Furthermore, the tourist sector, which is considered as the most critical sector for the country’s economy, also faces low profitability indices, due to low labor quality and increasing labor costs in the sector. In spite of the recent implemented initiatives, like the relaxation of overtime restrictions, the labor market in Greece remains significantly rigid in contrast to international standards. In a past World Ban latest Doing Business report, it is suggested that Greece ranks 142nd amongst 178 countries in terms of employment regulation and the inherent complexity of the employment indices (World Bank, 2009). Hence, the latter is indicated as double the OECD average. On the other hand, the wage increments have not been kept at par with productivity development. Hence, in view of this factor and its larger picture, the labor markets springiness have contributed to some extent to the diminished competitiveness illustrated by the Greek economy. However, the fact that Greece is performing exceedingly well in actual labor productivity cannot be ignored.

In social aspects, it is pertinent to note that Greece has faced significant challenges during the past decades. For instance, the Greek community, like the rest of the European community, has been facing the challenge of its aging population. These are observed as failing to match with a corresponding increase in the recorded birth rates; thus a reducing number of people are entering the working class.  There are indications that the country’s population will illustrate a declining trend from the year 2020 and the number of population above the age of 64 will double by the year 2050 up to 31%, and one out of two people will be in the working age group. Additionally, the dependency ratio of people above the age of 64 to those between ages 15 and 64 will increase toe to almost 77%. Moreover, oddities and inequalities of the labor force create a peculiar model of labor structure in Greece. The total labor force is estimated to be 5 million, 60% of which comprise of males. However, the male labor force when compared to the total population is estimated to be only 48% (Gonzalez & Montaigne, 2010). This is an indication of low male labor integration in the economy, when the percentage of female labor inclusion is even lower. A significant contributor to this low performance is low mobility and structural stiffness in the labor market.  Furthermore, an outdated education system in Greece is unable to keep pace with the rest of the European Union. This educational system can be attributed to be partly responsible, alongside other factors, for the rising unemployment rates. The existing education system is faced with high dropout rates and low graduation rates, making it among the most inflexible education systems in the European Union.
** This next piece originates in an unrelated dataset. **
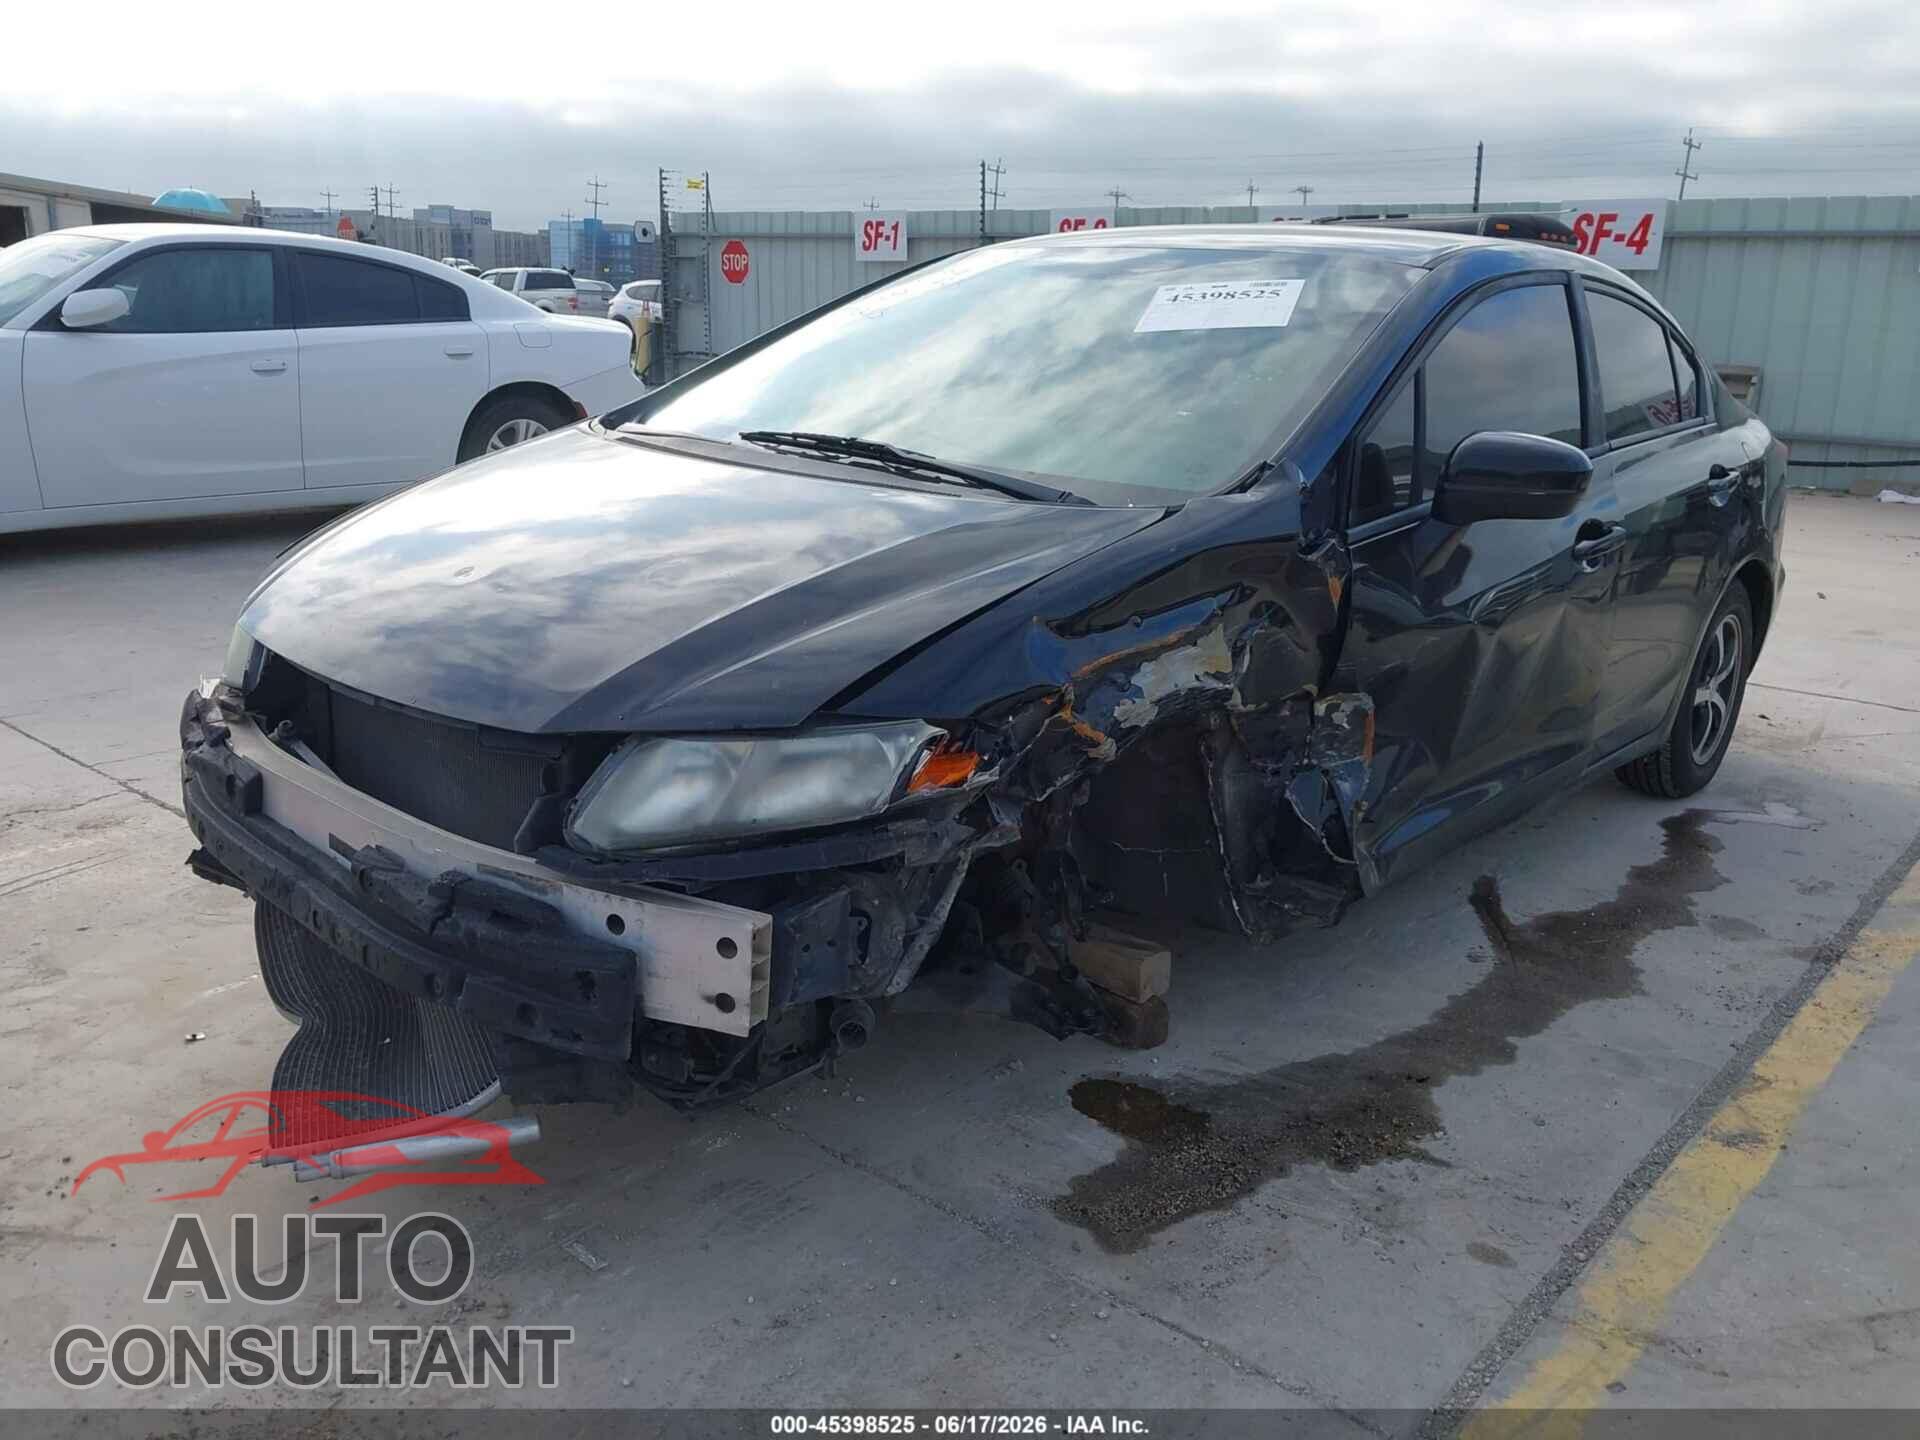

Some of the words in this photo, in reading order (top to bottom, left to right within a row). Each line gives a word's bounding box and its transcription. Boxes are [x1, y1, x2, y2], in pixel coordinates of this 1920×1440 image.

It is critical to note that the Greek crisis is attributable significantly to the high poverty levels. They are a difficult challenge as the wide spread poverty levels among the Greek society continue to increase. Greece is indicated as having the highest poverty rates in European Union.  Hence, 21% of the population is expected to survive on low incomes, which are lower, than the country’s median. Another contributing factor that should be taken into account is the poverty level in Greece, which is arguably lower in comparison to those of the rest of the European Union. For instance, in Germany an income of ˆ9,455 annually is perceived as the poverty-baseline for a single-member household, while, in Greece, the corresponding value is equal to or below ˆ4,264 (World Bank, 2009). It is argued that the rising rates of unemployment and increasing poverty levels would lead to the escalation of social tension to a significant level.
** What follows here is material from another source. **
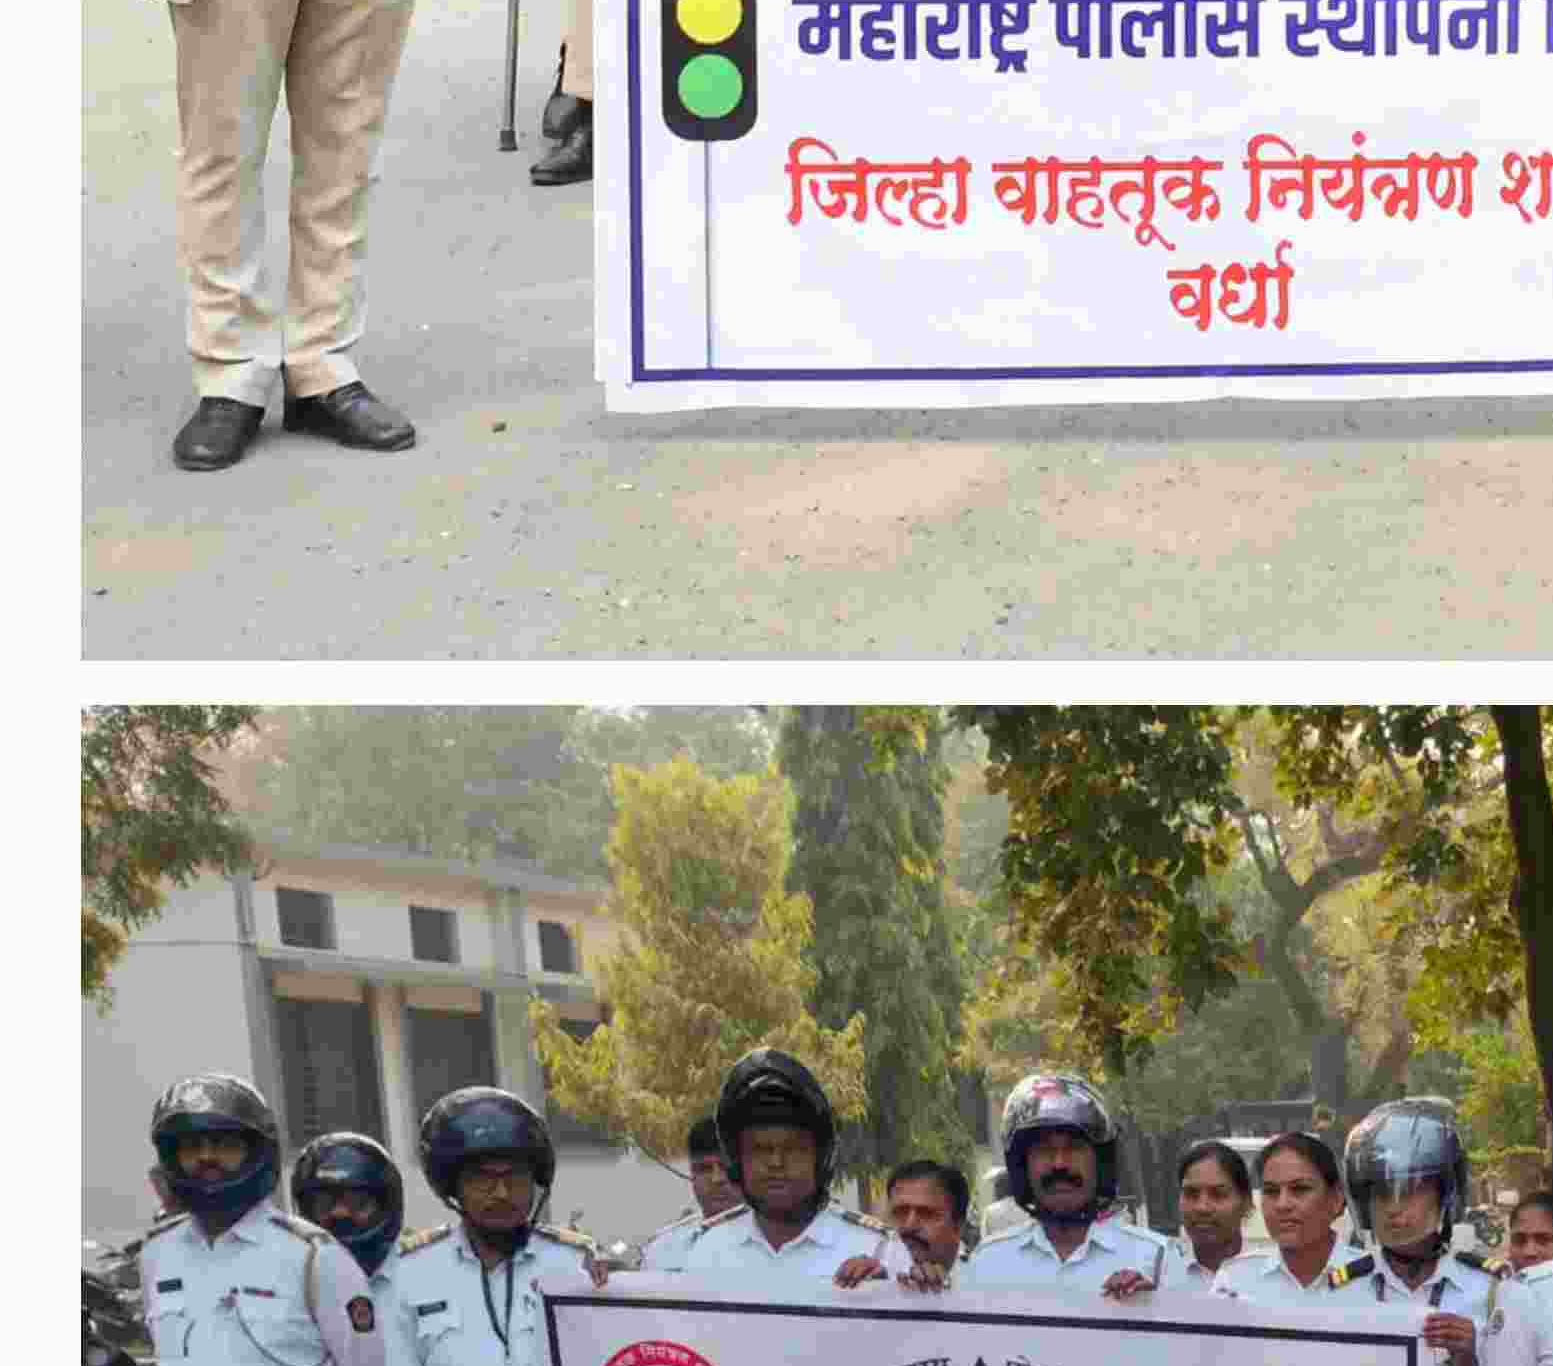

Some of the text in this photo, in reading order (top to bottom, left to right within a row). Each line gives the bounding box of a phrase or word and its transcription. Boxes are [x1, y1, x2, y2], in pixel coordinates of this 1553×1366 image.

[785, 139, 970, 229] जिल्हा
[992, 156, 1223, 251] वाहतूक
[1247, 131, 1476, 219] नियंत्रण
[1168, 241, 1293, 331] वर्धा
Thus, a high percentage of the Greek population, living in villages remains uninfluenced by the country’s economic benefits that prevail in the urban areas, significantly those concentrated around the cities like Athens. Employment opportunities are mostly to be found in the metropolitan areas, thus a significant increase in the rural urban migration. This phenomenon has the tendency of putting a strain on these cities infrastructure while at the same time languishing in the rural areas. Technological progress requires an investment in research and development, however, in the Greek case, low Research Development expenditure has been a contentious issue for a number of years. Greece technologically lags behind in comparison to European Union members. Thus, R&D activities are significantly restricted.

This issue is a persisting problem not only in the private sector, but also in the public sector, leading to massive reductions to innovation. Moreover, the Greek education system has been curtailed by its rigidity and centralization, hence unable to produce new ideas. As a result of this inflexibility, the education system has been unable to succeed in meeting the critical requirements of growing industries (Petrakis, 2012). For instance, there is an emerging need, for trained youth to get a vocational education to enable them meet the needs and requirements of these industries. Meanwhile, the education system is unable to sustain the requirements of the economy on the basis of knowledge. Thus, the economy has remained intensive in terms of labor, while lagging in technological advancement. The Greek economy continues to remain largely uncompetitive as a result of low productivity, increasing wages, high labor, higher education costs, and administrative costs (Mitsopoulos, 2011). Additionally, the risk of facing an increase in outsourced services as a result of stiff competition from the other European Union members and the rest of the world. These have significant negative impacts on the Greek population as a whole. Therefore, Greece needs to institute widespread reforms in areas in order to restore competitiveness. However, such reforms would require significant time, but they are characterized as essential in enabling the whole economy to be at par with the rest of the European Union members. Therefore, the low numbers of patents, which have been registered in Greece, are an indicator of the low levels of innovation.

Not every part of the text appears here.